Agitation was also felt across the book world when it became known that Russian readers favour escapist fiction at the moment and that high prices can be had during rights auctions. Is this ethical? Should one profit from a war which makes people want to read certain books, and not others? And was it right for American author Elizabeth Gilbert, best known for “Eat, Pray, Love”, to pull her current novel because it is set partly in Russia and Ukrainian fans and readers objected? (https://www.theguardian.com/books/2023/jun/13/elizabeth-gilbert-russia-book-snow-forest last access 24 September 2023) This chimes in with the – rather American – debate about authenticity (hated term) and who is allowed to publish books and tell stories, and who isn’t. If only personal experience counted, then no historical novel would ever have been written, nor could anybody create child characters who no longer is a child themselves, or for that matter, a character who doesn’t happen to share the author’s gender. I don’t think that would be a good idea, as I have stated in earlier columns. But that doesn’t mean that greater care couldn’t be taken to make more people’s voices heard, without constraining them to always write about their particular background, experience or class. Because that is what the authenticity trap ultimately amounts to: you are tied as a writer (and possible as an identificatory reader) by what is deemed to be authentically your story. After having staged a debate among young students on the pros and cons of sensitivity readers, and after having read accounts by sensitivity readers, I am somewhat at a loss as to their role in all of this. It seems there are so many terrible writers who need their hands held so as not to produce endless insensitive if not downright abusive gaffes, that this fairly new job in the book world is necessary. I just wish this weren’t the case, which might be a utopia for the future: everyone gets brilliant editors from different backgrounds and at the same time, everyone does a lot of research so as not to produce plot and character howlers galore…

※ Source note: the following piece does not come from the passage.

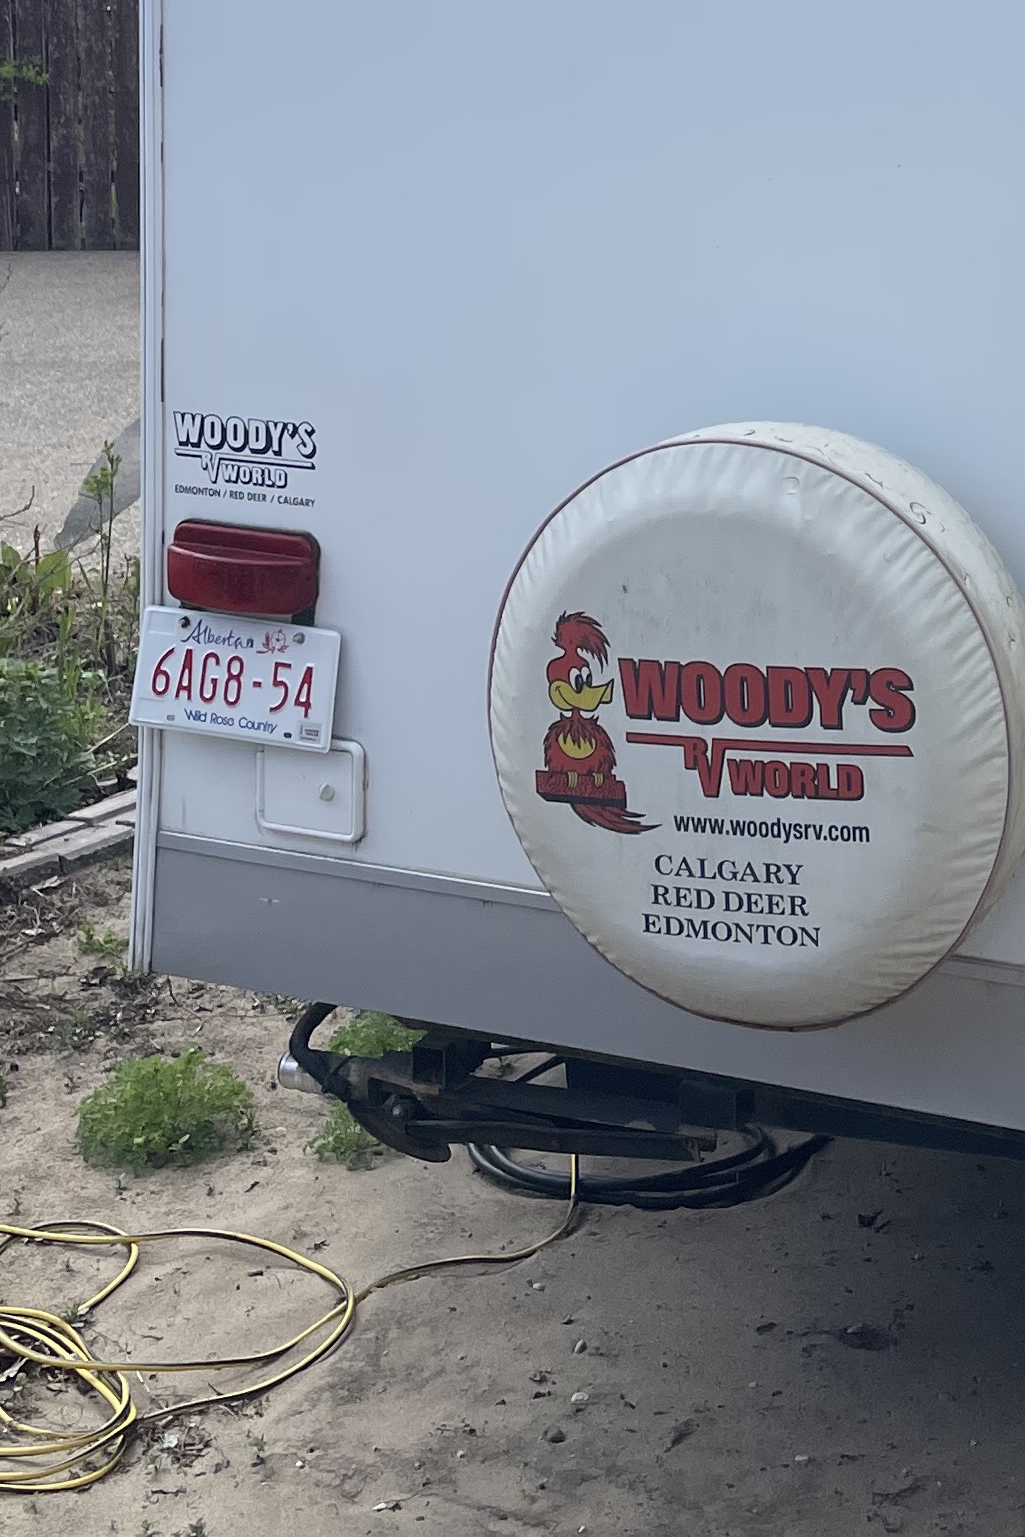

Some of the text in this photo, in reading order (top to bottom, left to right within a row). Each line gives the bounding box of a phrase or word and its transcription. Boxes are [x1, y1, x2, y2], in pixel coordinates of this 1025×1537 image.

On a related issue: The Bookseller has continued to let other people edit special issues, e.g. a disability-focused one, or the now firmly established Black issues. The rest of the time, however, even despite their fairly new discovery section devoted to new titles which might be beyond the mainstream, it reproduces the usual and recommends authors and titles which will sell well. More often than not, this will be white writers of cookery books or fantasy novels, or perhaps digestible fiction of the Richard Osman-type. Why can’t the regular issues include all these wonderful titles by all kinds of writers, be they Welsh, disabled or queer and PoC? It would be truly daring if the Bookseller simply ignored Jamie Oliver, Richard Osman and J.K. Rowling – and Prince Harry – and focused on raw talent. That would indeed be radical.

 

And the rest of the news? Will go in the autumn/early winter column…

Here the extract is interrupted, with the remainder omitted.